Just like the Delhi government’s shocking indifference to the plight of the migrant workers, the Maha Vikas Aghadi government in Maharashtra also showed little concerns for the migrant population in its state.

India is in the midst of battling a resurgent wave of the coronavirus outbreak as the country continues to report a sharp rise in the number of new cases. While the second wave of COVID-19 has affected many states of the country, it has most severely affected the states of Maharashtra and Delhi, which are among the top contributors to the recent upsurge in the coronavirus caseloads.

In the light of the worsening coronavirus crisis in the national capital, Chief Minister Arvind Kejriwal today announced a strict 6-day lockdown in Delhi. The lockdown, he said, will come into effect at 10 pm on Monday, and be in force till 5 am next Monday.

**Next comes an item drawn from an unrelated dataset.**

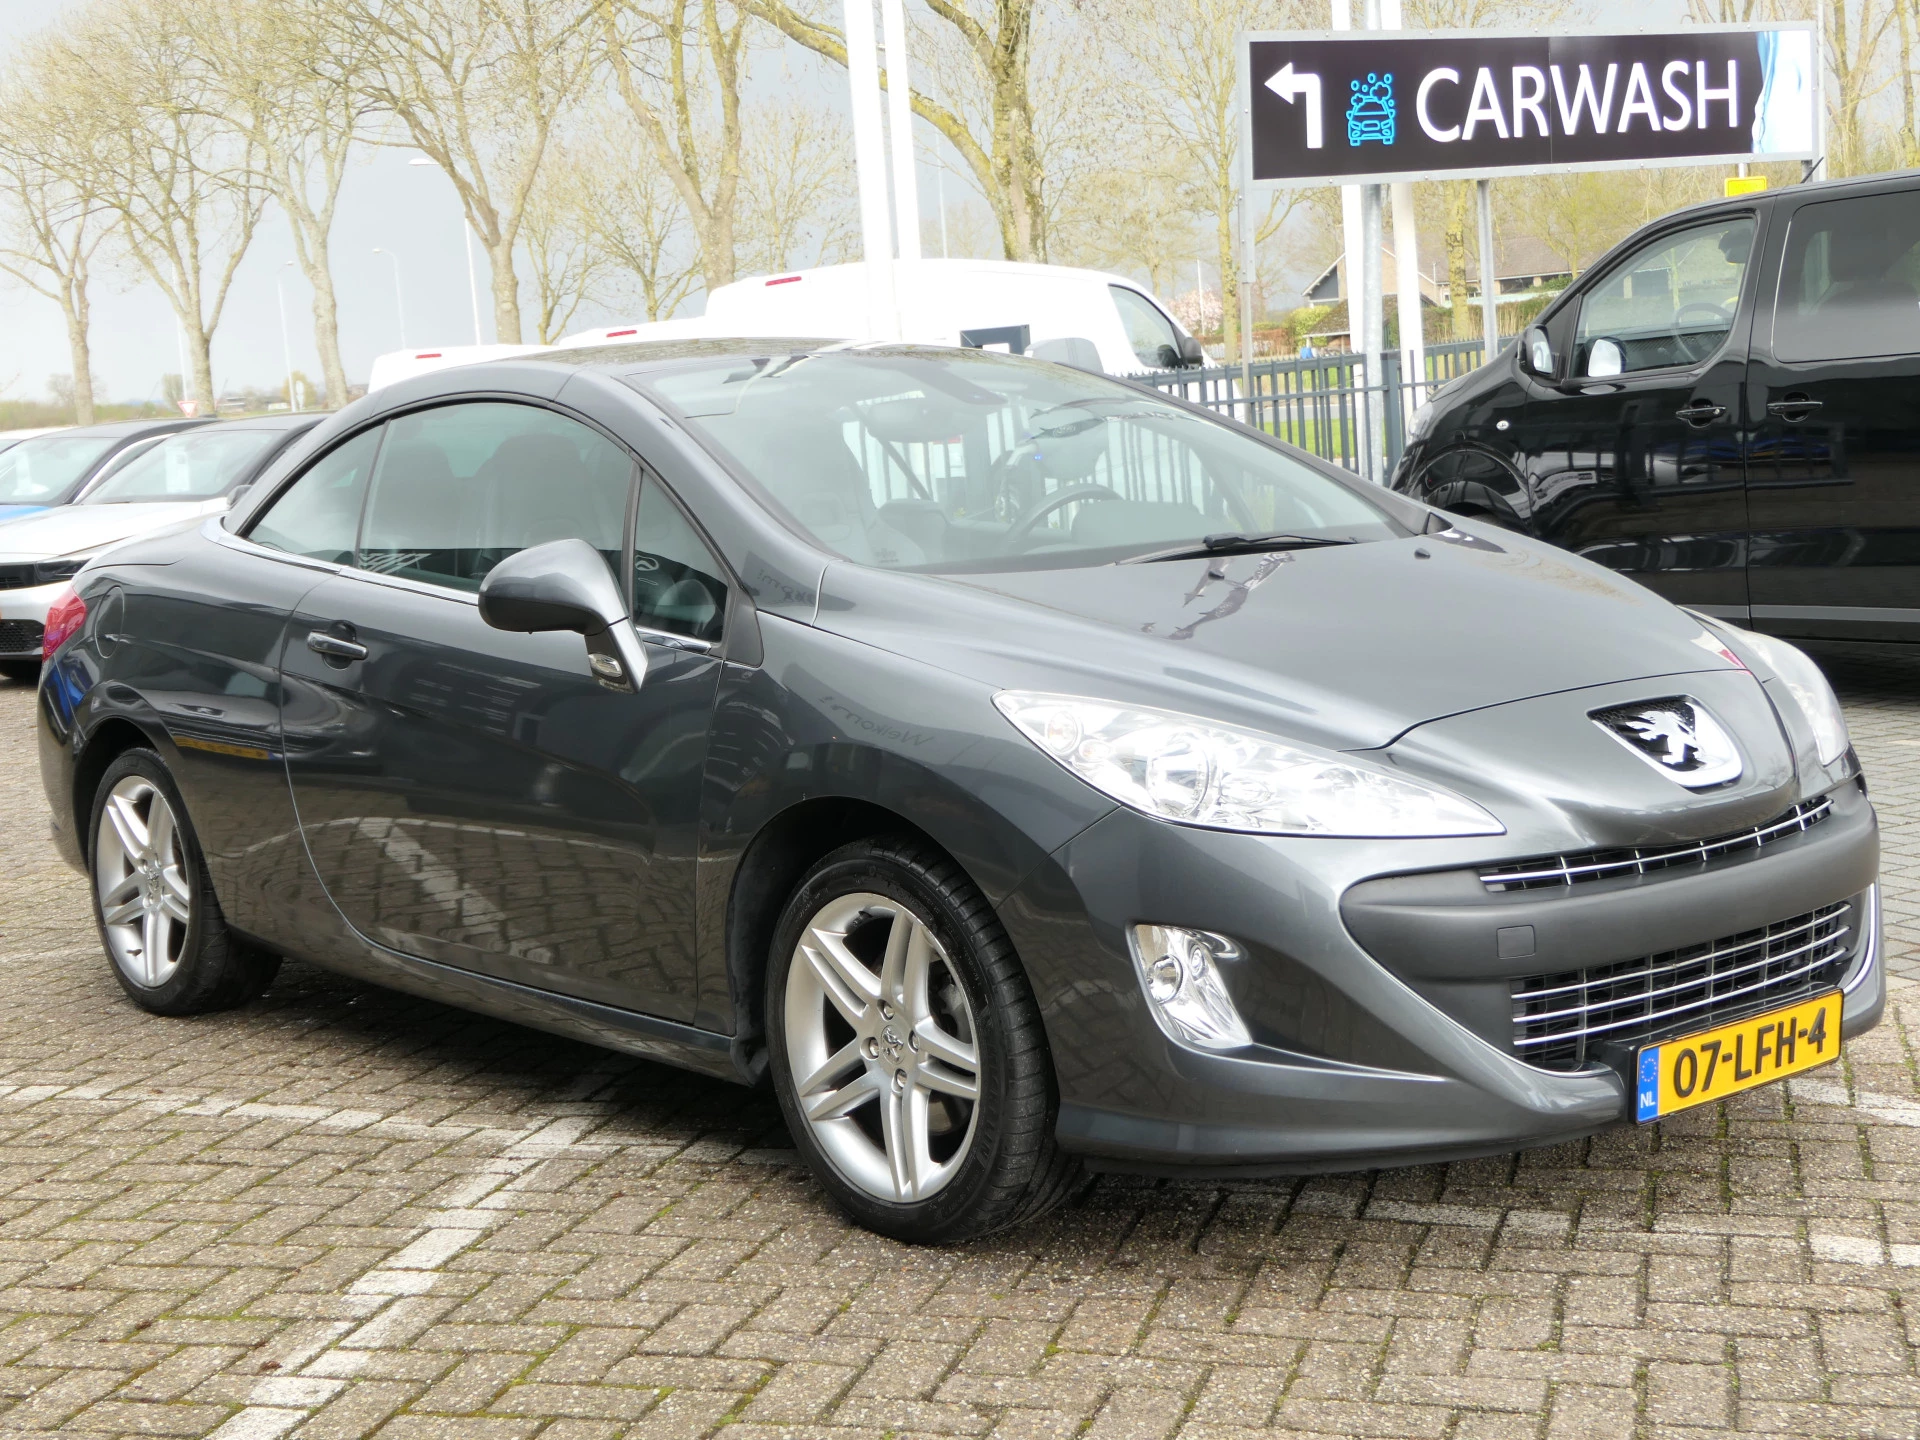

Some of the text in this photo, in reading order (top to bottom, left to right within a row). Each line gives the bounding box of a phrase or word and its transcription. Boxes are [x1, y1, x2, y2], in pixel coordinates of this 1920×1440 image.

“Delhi’s health system has reached its limits. I don’t say that the system has collapsed but it has reached its limits,” Kejriwal announced in a press briefing. The AAP supremo reiterated that Delhi was facing the fourth wave of the pandemic, remarking that the city’s health system has reached its limits. “I won’t say that the health system has collapsed but it has reached its limits,” he said.

Delhi chief minister Arvind Kejriwal’s announcement of imposing a lockdown came a day after nearly every third sample in the national capital tested positive for the coronavirus disease. Delhi on Sunday reported 25,462 new cases, the highest since the beginning of the pandemic. The spike in cases is particularly sharper this year, and Sunday’s cases are 812.6% higher than the number of new cases on April 1.

Migrant workers make a beeline to leave Delhi in the wake of Kejriwal’s lockdown announcement

No sooner did Arvind Kejriwal announce a rigorous lockdown in Delhi, panic set among scores of migrant labourers and they queued up at various terminal stations across the city to return to their native places.

After having borne the brunt of the first coronavirus induced lockdown, when many of them had to walk all the way to their villages, the migrant labourers this around did not want to take any chances of being stuck in a city amidst a lockdown and where the infection is galloping at a breakneck speed.

As migrant labourers prepared themselves to leave the national capital, Delhi chief minister Arvind Kejriwal made a desperate appeal to the workers to not leave the national capital. Kejriwal implored the workers to stay put, alleging that he is hopeful that this time the lockdown would not be extended.

“I appeal to you with folded hands. It’s a small lockdown, only for six days. Don’t leave Delhi and go. I’m very hopeful that we won’t need to further extend the lockdown…Govt will take care of you,” Kejriwal said.

However, as the coronavirus outbreak in Delhi comes to a head, the migrant labourers have little faith in assurances made by Kejriwal, who had days ago stated that there won’t be any further lockdowns in Delhi.

At a time when the infections in Delhi are surging at an alarming rate, the migrant labourers have decided to go back to their natives, lest they get stuck again in the middle of a lockdown. The swift reaction to head to their native places back is spurred by the unpleasant experience they had had in the previous lockdown in 2020 when they were forced by the Delhi government to walk all the way to the state border where UP government buses were waiting to ferry them to their respective villages and towns. Many of them even streamed all the way back to their villages on foot.

The sense of helplessness and anxiety once again seemed to engulf the migrant labourers after the Delhi chief minister announced a 6-day lockdown earlier today. The migrant labourers, having endured the difficulties in the past, no longer want to position themselves in the same predicament—once bitten, twice shy.

The Delhi government has been wavering on its stand on lockdown in the last few days. After claiming that Delhi won’t have a lockdown, chief minister Arvind Kejriwal dropped subtle hints at enforcing restrictions if the cases in the city continue to swell. However, with no clarity on how long the lockdown will be in place and no announcements by Arvind Kejriwal to alleviate the economic hardships that accompany lockdowns, the migrant labourers have decided to proceed towards their native villages rather than heeding Delhi CM’s entreaties.

Maha Vikas Aghadi turns a blind eye to the plight of the migrant population in Maharashtra

Delhi’s Arvind Kejriwal-led government is not the only administration that has abandoned the migrant labourers during such testing times. In the western state of Maharashtra, the migrant labourers were left to fend for themselves as the Maha Vikas Aghadi government announced a state-wide lockdown till April 30.

Even before the lockdown was announced in Maharashtra, which was pummelled by the second wave of the coronavirus outbreak, the mismanagement of crisis by the state government forced the migrant labourers to go back to their respective villages before the situation worsens.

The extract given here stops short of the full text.